The symptoms aren’t subtle. Diarrhea (often bloody), stomach cramps, nausea, vomiting, and fever are the hallmarks of the illness. For most people, it resolves within a week without any treatment at all. But for people with weakened immune systems, young children, elderly individuals, or those already dealing with other health issues, it can get serious fast.
California typically sees roughly 2,500 cases of Shigella infections every year, according to the California Department of Public Health (CDPH). That’s already a significant number. But the real story isn’t just the total case count — it’s about the increasingly frightening proportion of those cases that are now drug-resistant.
The Rise of XDR Shigella: From Zero to a Growing Threat
Here’s the number that should make you stop and think: In 2011, the Centers for Disease Control and Prevention (CDC) tracked essentially zero cases of extensively drug-resistant Shigella in the United States. By 2023, that figure had climbed to 8.5% of all Shigella isolates analyzed through national surveillance.

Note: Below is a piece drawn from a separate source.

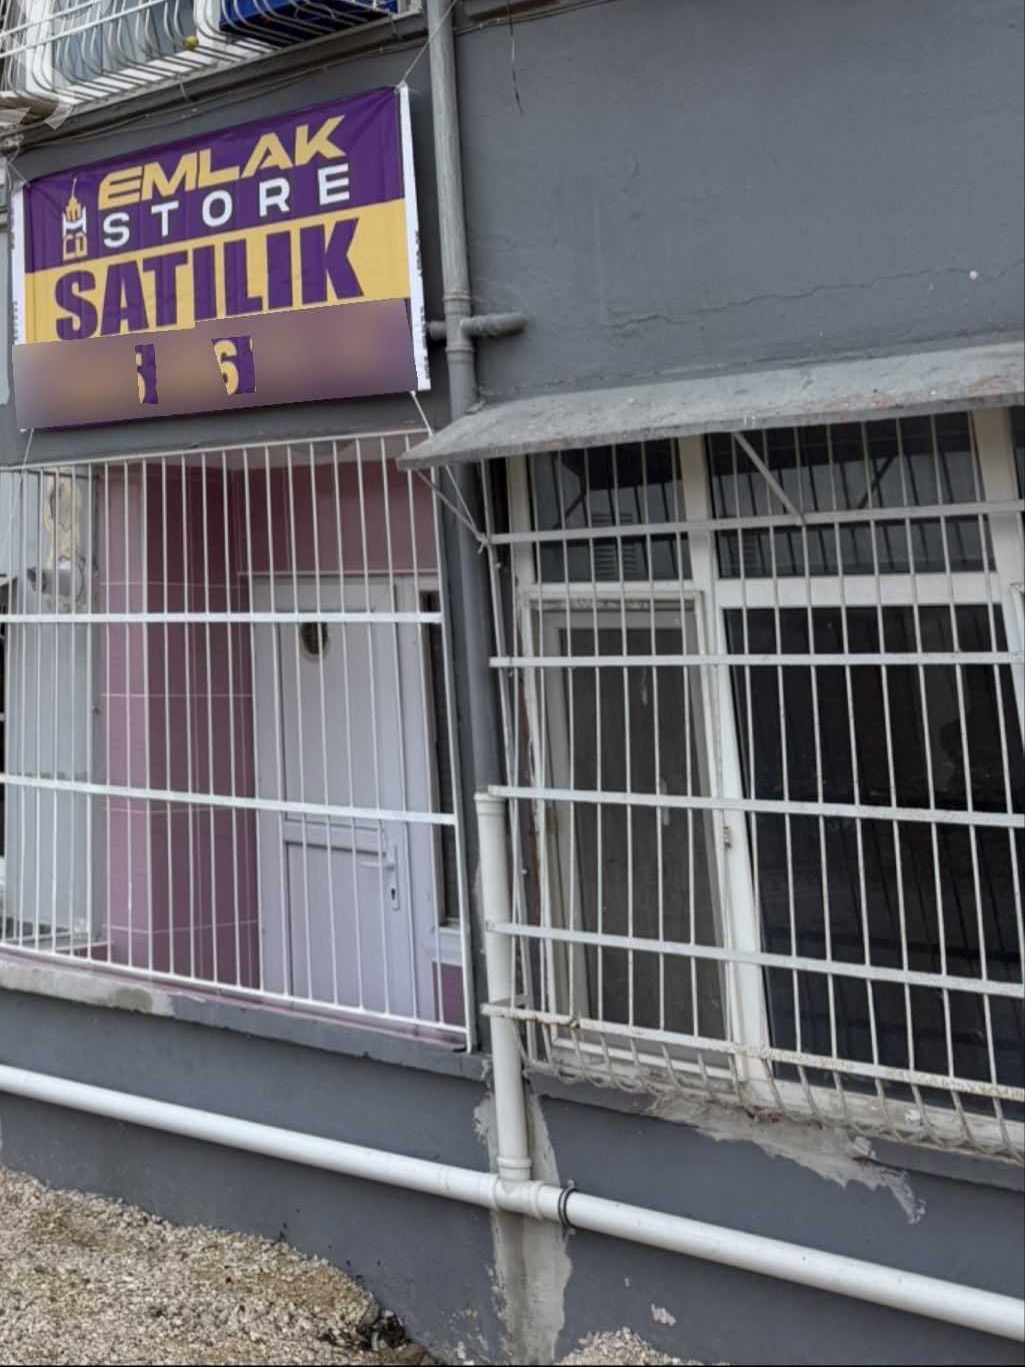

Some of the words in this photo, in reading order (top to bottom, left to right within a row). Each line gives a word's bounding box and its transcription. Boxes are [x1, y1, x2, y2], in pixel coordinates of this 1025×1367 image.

[98, 115, 347, 211] EMLAK
[103, 163, 350, 248] STORE
[54, 217, 364, 341] SATILIK

That trajectory — from nothing to nearly one in ten cases in just over a decade — represents a dramatic and worrying shift in how this pathogen behaves.

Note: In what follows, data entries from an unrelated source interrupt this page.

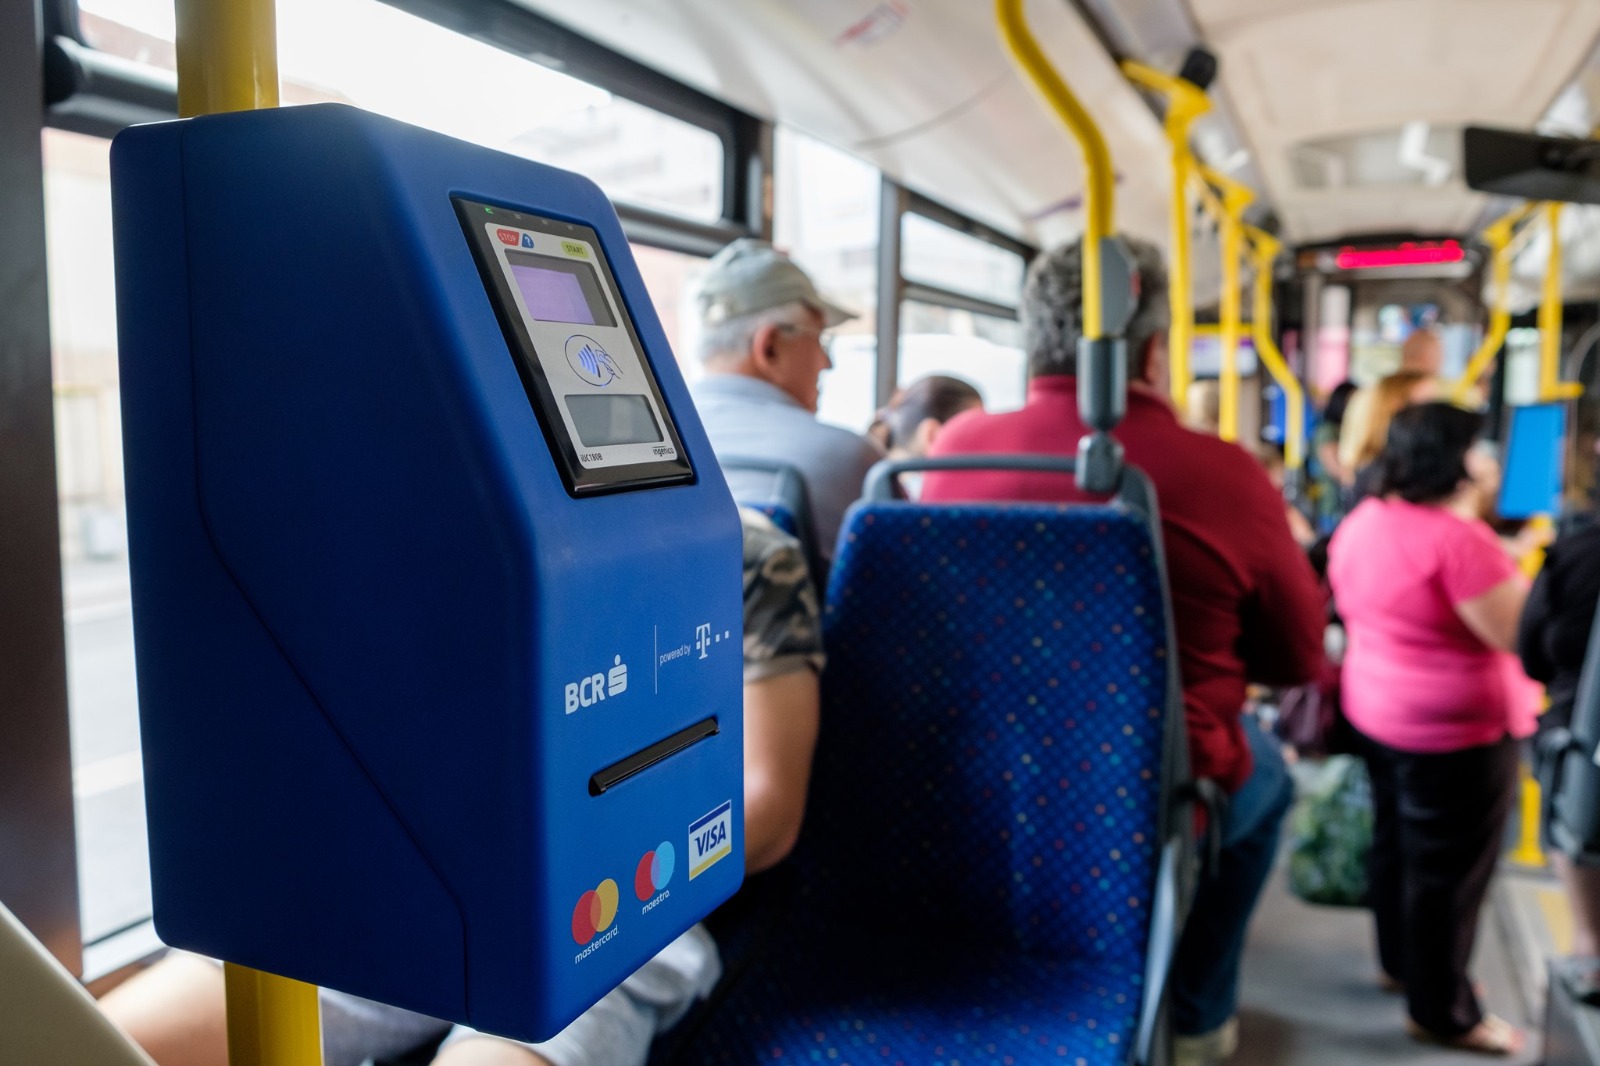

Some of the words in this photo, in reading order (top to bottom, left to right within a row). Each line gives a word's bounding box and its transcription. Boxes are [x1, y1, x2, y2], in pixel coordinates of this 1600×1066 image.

[498, 232, 517, 243] STOP
[566, 245, 584, 255] START
[653, 447, 674, 457] ingenico
[660, 645, 684, 666] powered
[684, 644, 691, 657] by
[565, 672, 605, 715] BCR
[694, 820, 727, 857] VISA
[642, 889, 670, 915] maestro
[574, 925, 619, 964] mastercard

The CDC defines XDR Drug Resistant Shigella as strains that are resistant to all five of the antibiotics most commonly used to treat bacterial infections of this kind: ampicillin, azithromycin, ceftriaxone, ciprofloxacin, and trimethoprim-sulfamethoxazole. These aren’t obscure medications. They’re the workhorses of antibiotic treatment, used for decades across a wide range of bacterial infections. When a bacteria becomes resistant to all five of them simultaneously, doctors are essentially left with very few good options.
A comprehensive study published in the CDC’s Morbidity and Mortality Weekly Report (MMWR) in April 2025 analyzed nearly 17,000 Shigella isolates collected between January 2011 and October 2023. The findings painted a sobering picture: XDR cases went from 0% in 2011 to 8.5% by 2023, the majority of XDR cases occurred in adult men rather than the young children who were historically most affected, and approximately one-third of patients with XDR shigellosis required hospitalization.
That hospitalization rate is striking. We’re not talking about a minor inconvenience anymore. We’re talking about a bacterial infection that, in its drug-resistant form, is landing a significant chunk of patients in hospital beds.
California’s Specific Surge: The Numbers Tell a Grim Story
While the national numbers are alarming on their own, California’s situation has its own distinct and concerning flavor.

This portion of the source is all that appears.